Thursday, June 30, 2011

Mr. Unavailable #126: Pre-Disintegration

See The ImprinterBusiness or Pleasure?, Spellbound, No Picnic in the ParkSquatter LoveWho Falls First?Trouble and Purgatory for the background on this one.

It’s amazing how holding a man at bay only serves to bring him closer. After being grumpy and distant with #126, he called me the next night to ask if he could use my computer—and then maybe we could go get food, he said. My grumpiness had waned with a good night’s sleep and a reality check: he’s leaving, he’s not boyfriend material, it’s just supposed to be fun.

When he came over, he sat next to me on my sofa as I did a quick search for mattresses online. Then he said he wanted to get a bike, so I looked at Craigslist and sent a message to someone with a bike. After that, he wanted to buy a ticket for Burning Man. He pulled out his credit card and said he wasn’t good at online forms, so I started filling in his information. When we got to his address, he got confused and didn’t know which one to use.

“Where does your bill come?” I asked.

He couldn’t work out the right billing address—he was here…he used his card there…he was going to live in Arizona…where did his bill go? He tried his 2nd Street address in New York. Rejection.

“Oh, that’s right. I guess my bill still goes to New Mexico.”

Maybe my impression from James’ birthday—that he was an idiot-genius—wasn’t far off. Becoming a vet? No problem. Putting his address into an online form? Forget it.

After we bought his ticket, I put down my computer and said, “Are we done with our tasks?”

Sex with #126 is interesting. The last time, we never made it off the sofa; this time, my feet never touched the floor. It’s a big difference from a year ago when #111 never even carried me to the bed—we always got up and walked, and usually he went first.

This time, just like the last few times, there was potential for a happy ending, but it stayed at potential, so, once more, I feigned my way to the finish. Because our original plan was computer tasks and maybe food, we headed out and just started walking. Neither of us was really hungry, so we wandered in the direction of Thompkins Square Park. On the way, we were talking comfortably about our various aches and pains and I said, “Doesn’t it feel like we’ve met before?”

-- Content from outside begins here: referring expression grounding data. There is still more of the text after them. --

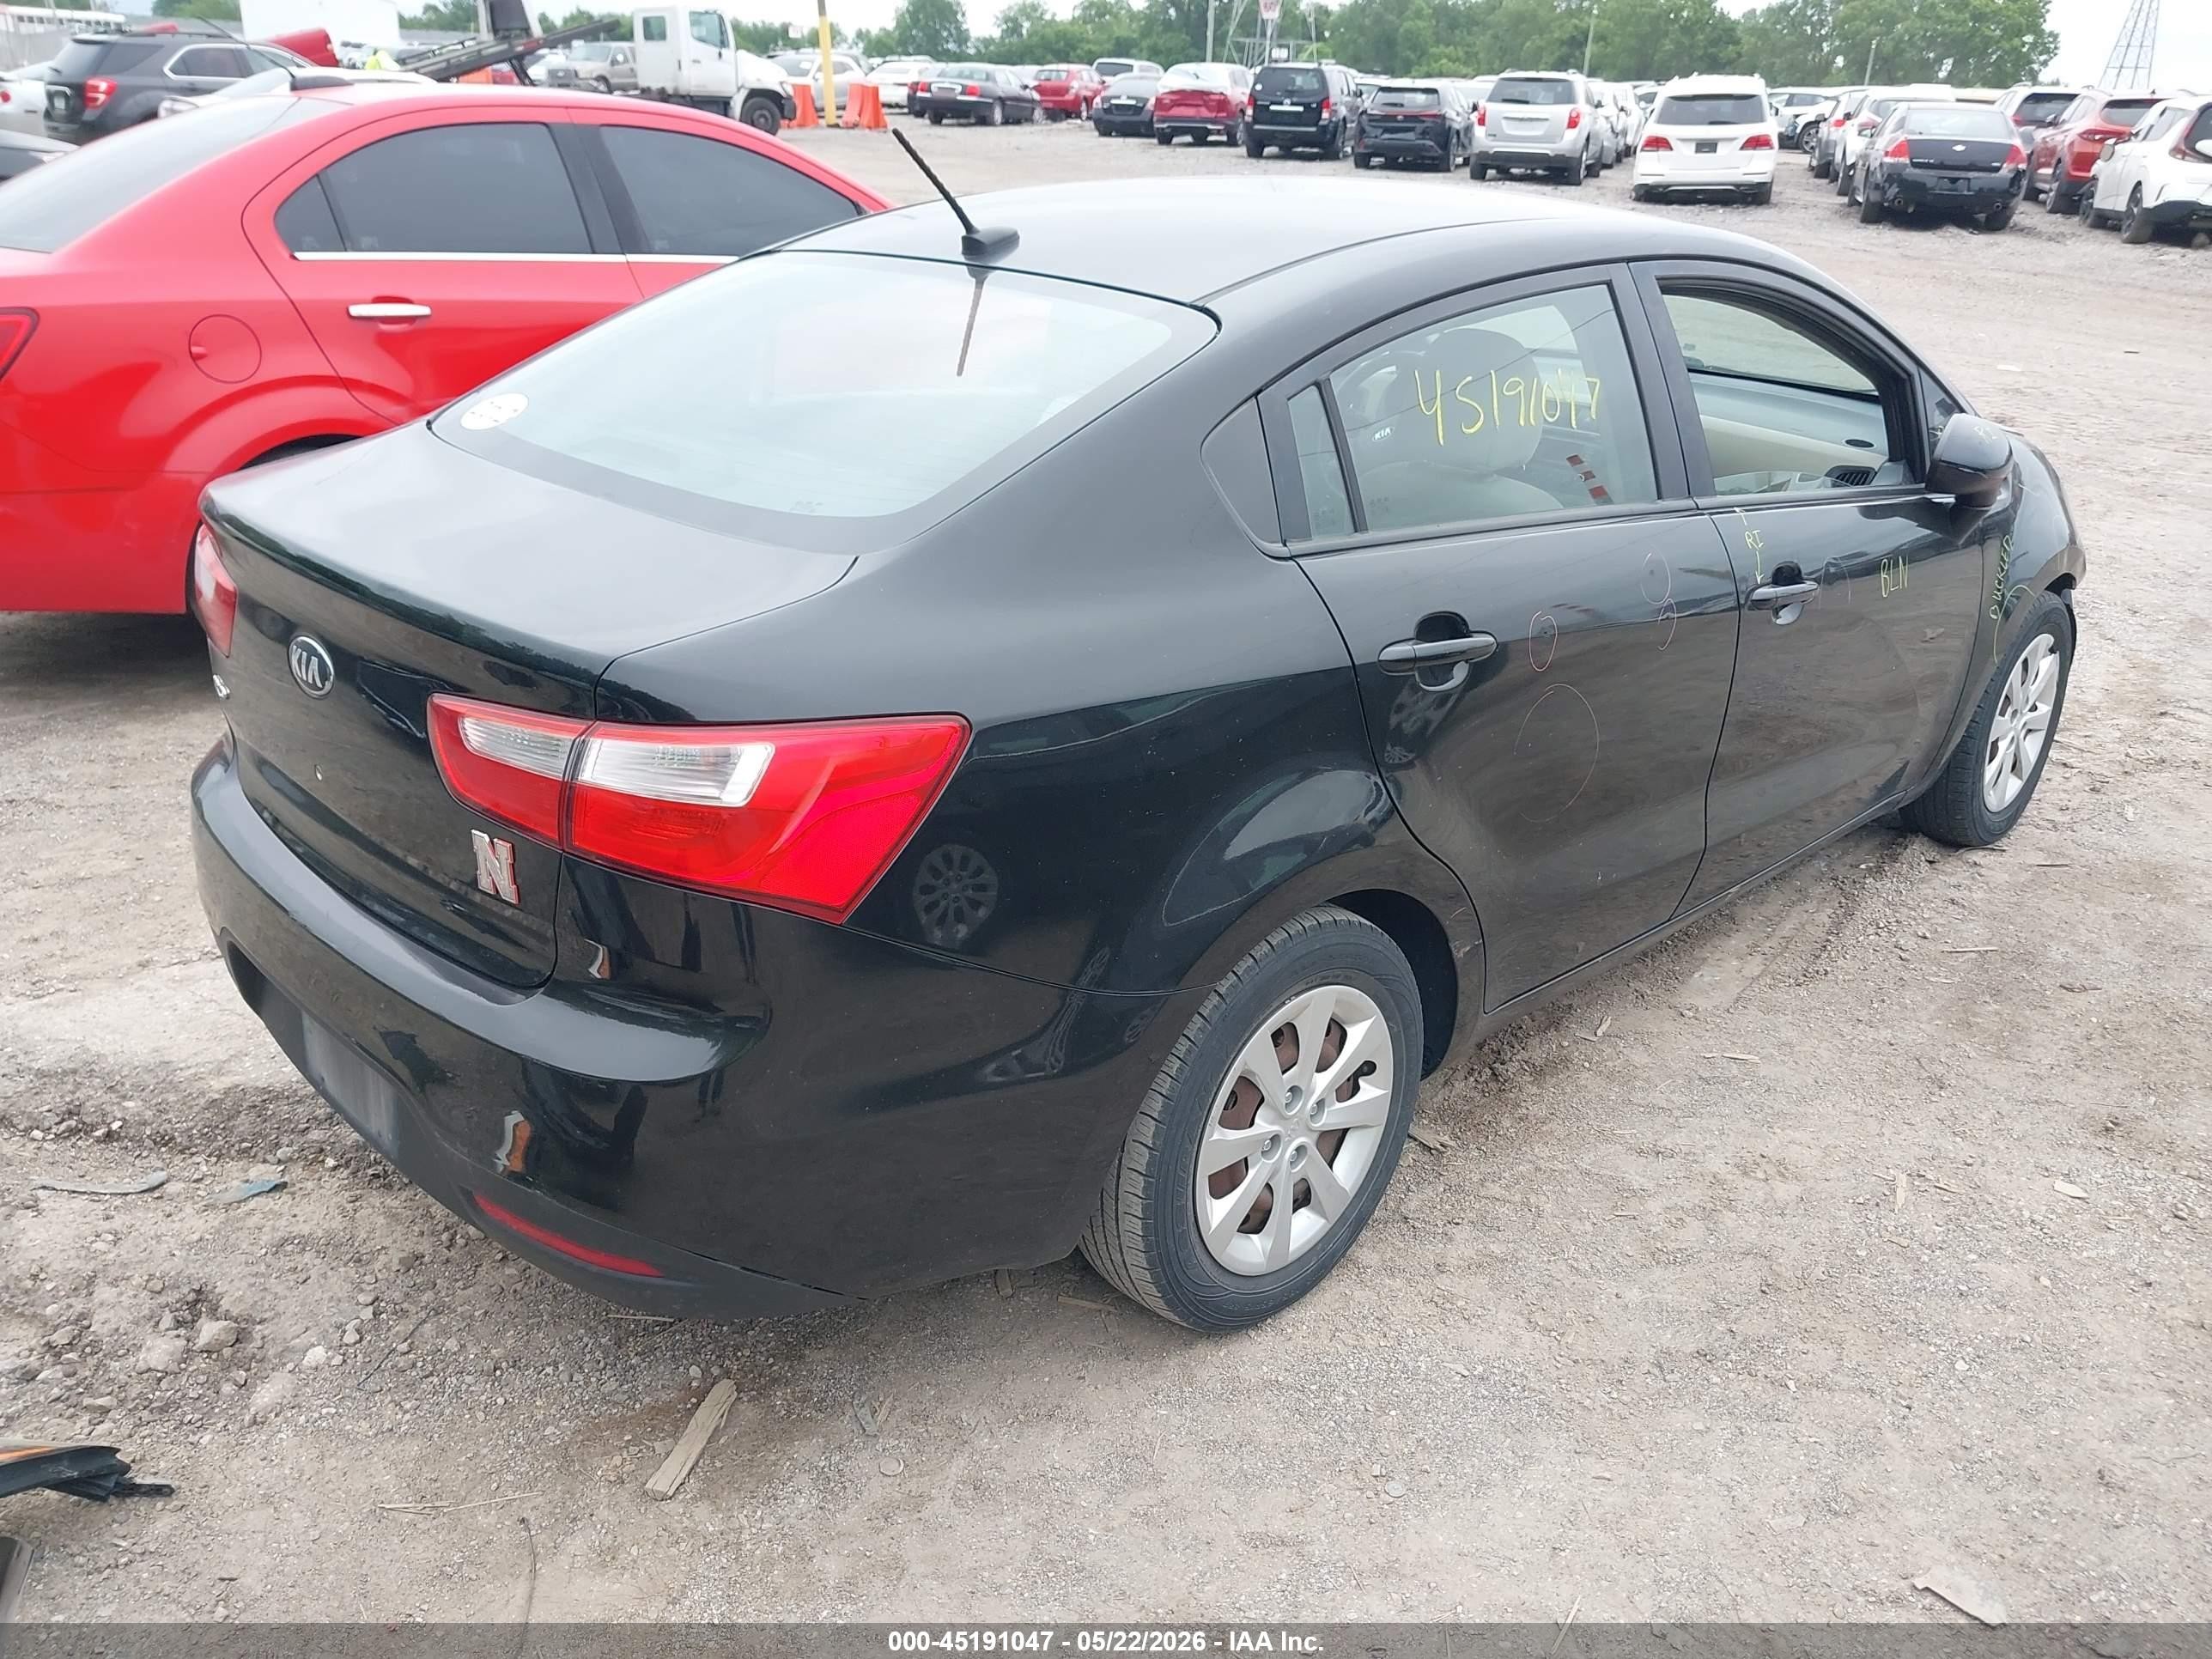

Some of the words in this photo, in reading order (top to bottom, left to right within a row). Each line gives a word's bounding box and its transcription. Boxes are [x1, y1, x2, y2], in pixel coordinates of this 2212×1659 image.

[1374, 427, 1392, 441] KIA
[1413, 367, 1601, 446] 45191047
[290, 643, 321, 689] KIA
[470, 829, 521, 905] N
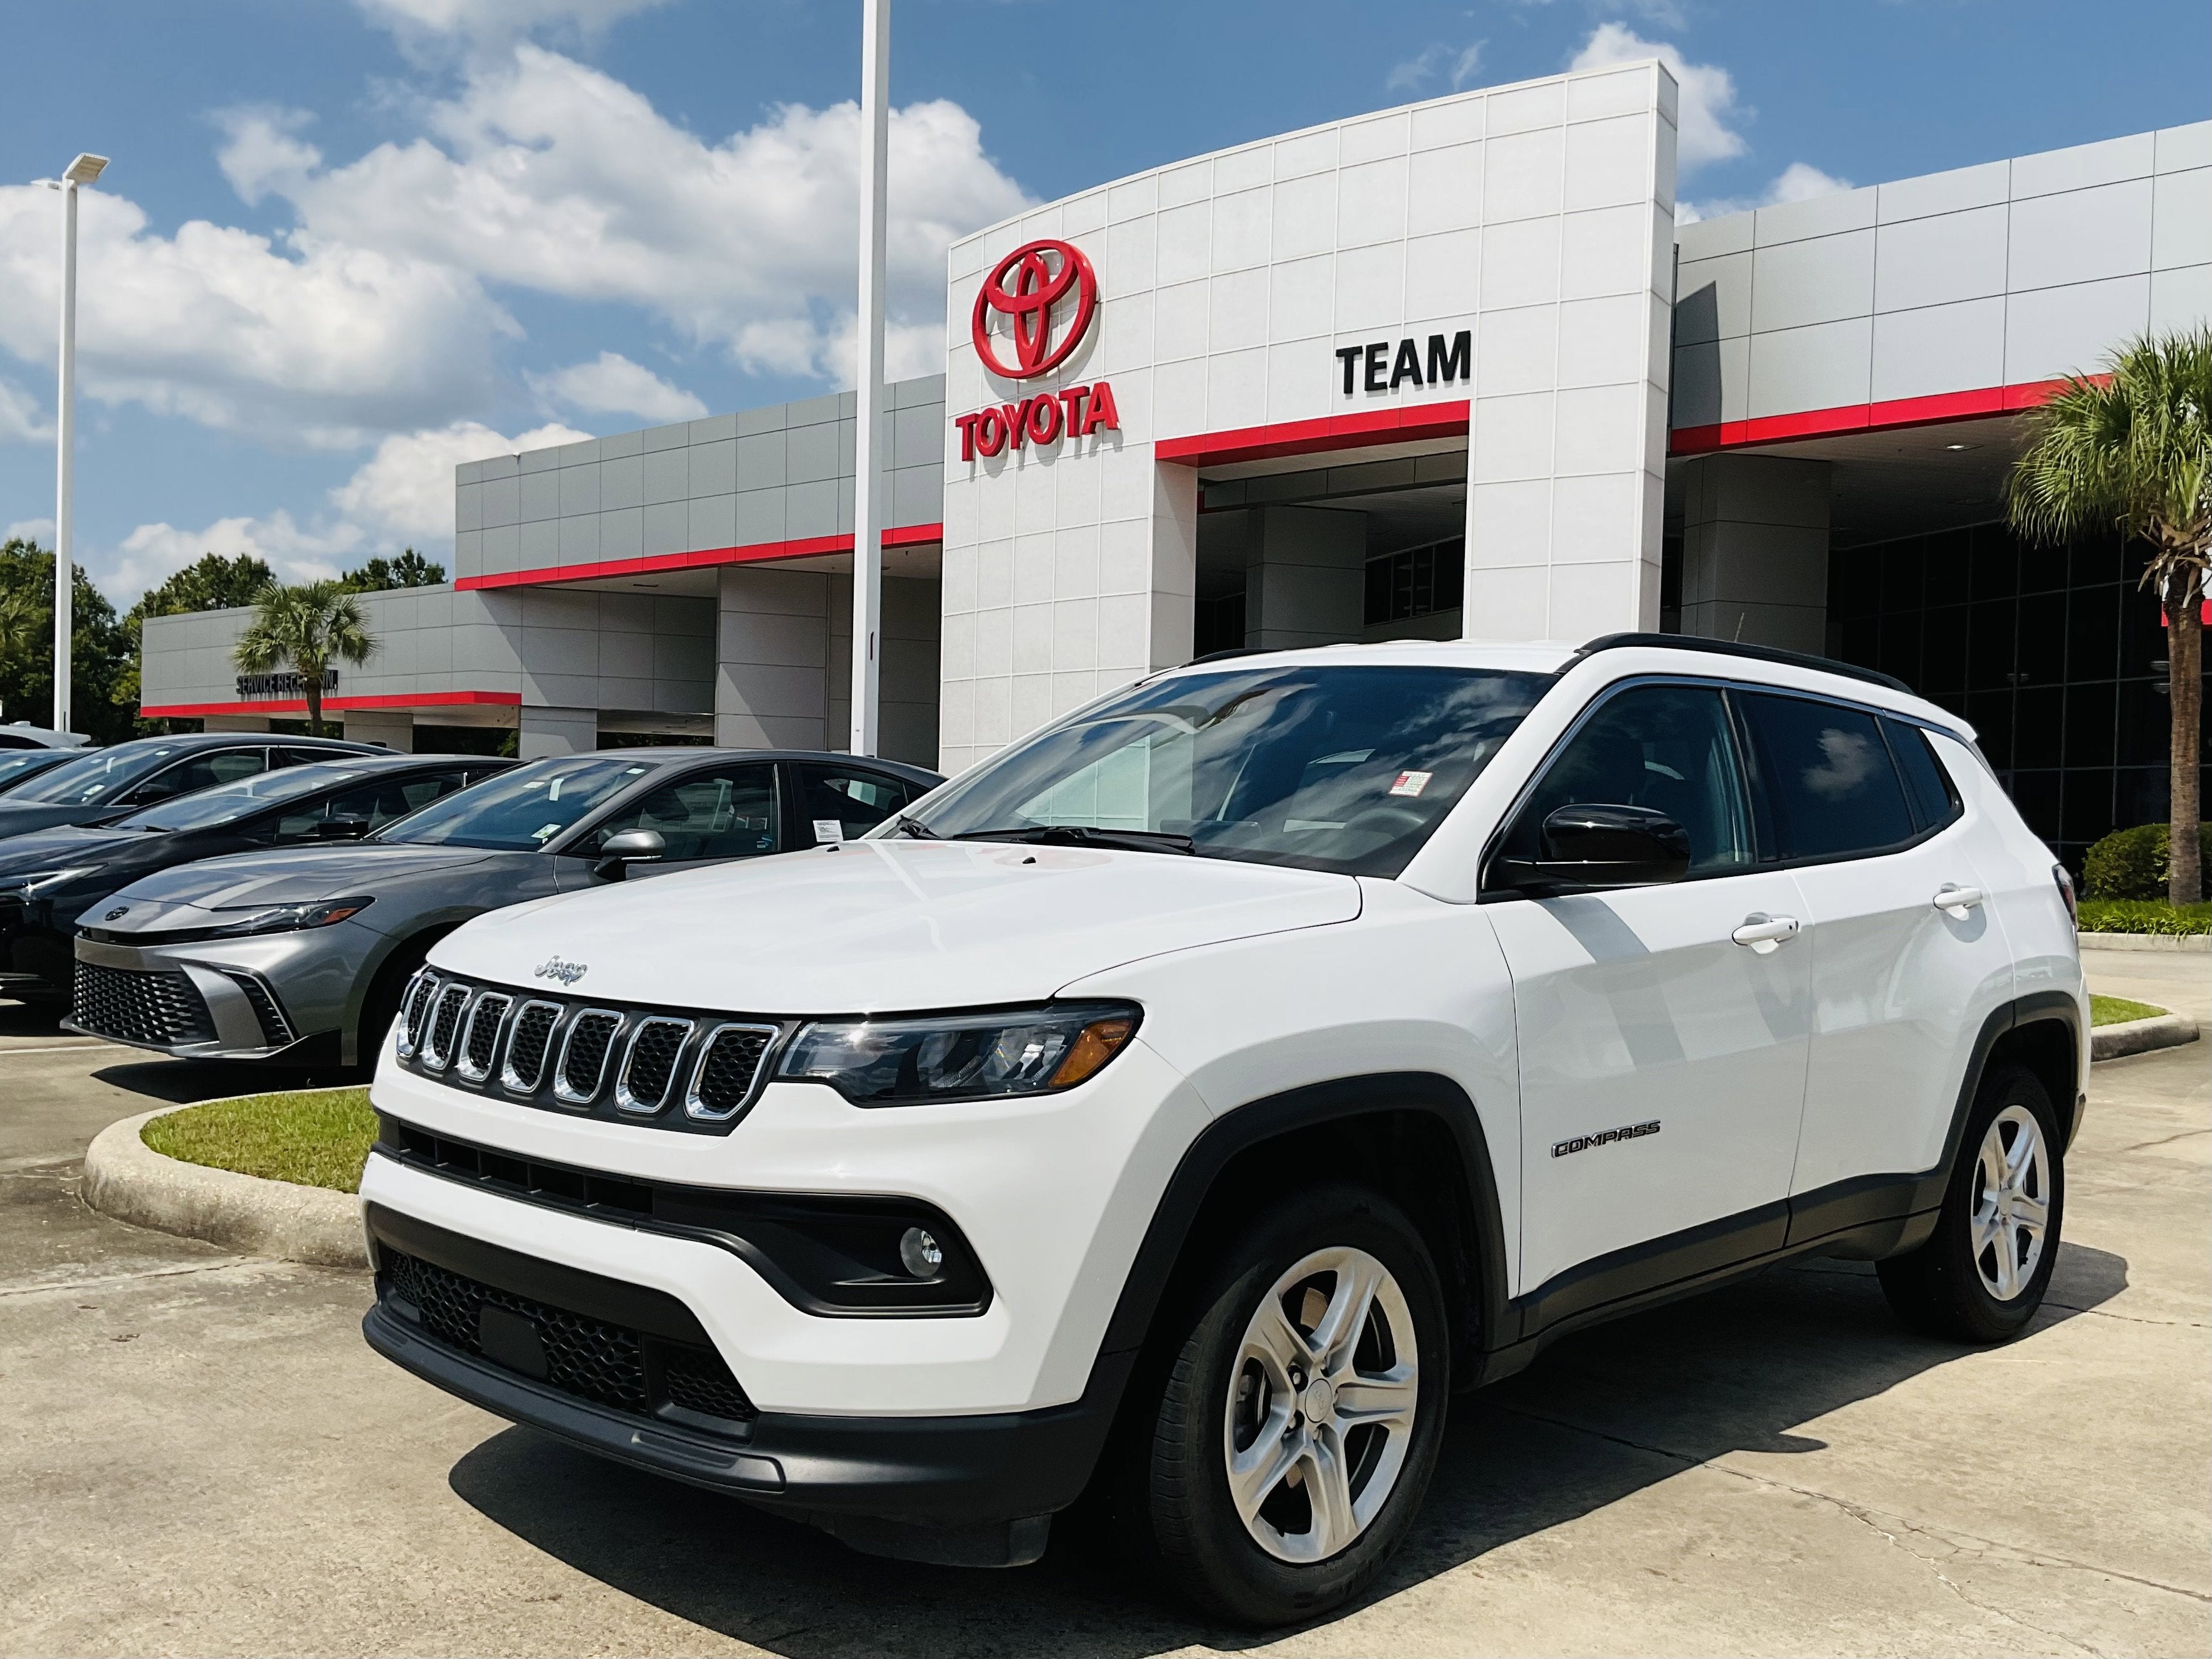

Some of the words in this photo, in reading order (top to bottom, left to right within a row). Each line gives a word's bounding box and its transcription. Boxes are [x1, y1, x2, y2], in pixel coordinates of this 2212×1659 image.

[1335, 330, 1471, 394] TEAM
[956, 381, 1121, 462] TOYOTA
[236, 674, 276, 694] SERVICE
[534, 955, 588, 987] Jeep
[1551, 1119, 1661, 1158] COMPASS

I’d been thinking it for a while, wondering if we had. Something was very comfortable about being with him. Even when he acted weird, it didn’t bother me. Maybe it was that way because I knew he was going away. I couldn’t think of a time when we’d met. Maybe it had been in a past life.

As soon as I posed the question to him, he stiffened.

“Oh, maybe we have,” he mumbled, increasing the distance between us by about an inch. Fortunately, if he felt a little cornered by my question, I didn’t care. I just chuckled to myself and changed the subject.

When we got to the park, a huge crowd was sitting in front of a screen watching "Raging Bull." We sat toward the back on the dirt and watched the last 20 minutes as the relationship between Robert DeNiro and Cathy Moriarty disintegrated. And then she announced she was leaving him.

#126 was next to me but we sat separately, with our own arms around our own knees. We didn’t touch. We didn’t lean in and whisper to each other. Maybe we had met before, but maybe it had been in another life—because, at least in this one, even though it felt like we were disintegrating, we’d never even integrated.

Signs of Hope: He called me just one day after my grumpy episode. Maybe grumpy is the way to go.

Red Flags: We were pre-disintegrated.
Also, and I hate to keep harping on it, but he can buy a $350 ticket for Burning Man, but he can’t buy me a $5 frozen yogurt?

Turning Point: None. It was just supposed to be sex, so all was back on track.

Diagnosis: For him: He’s staying the course.
For me: I veered off course momentarily, but, after tonight, I’m back on it.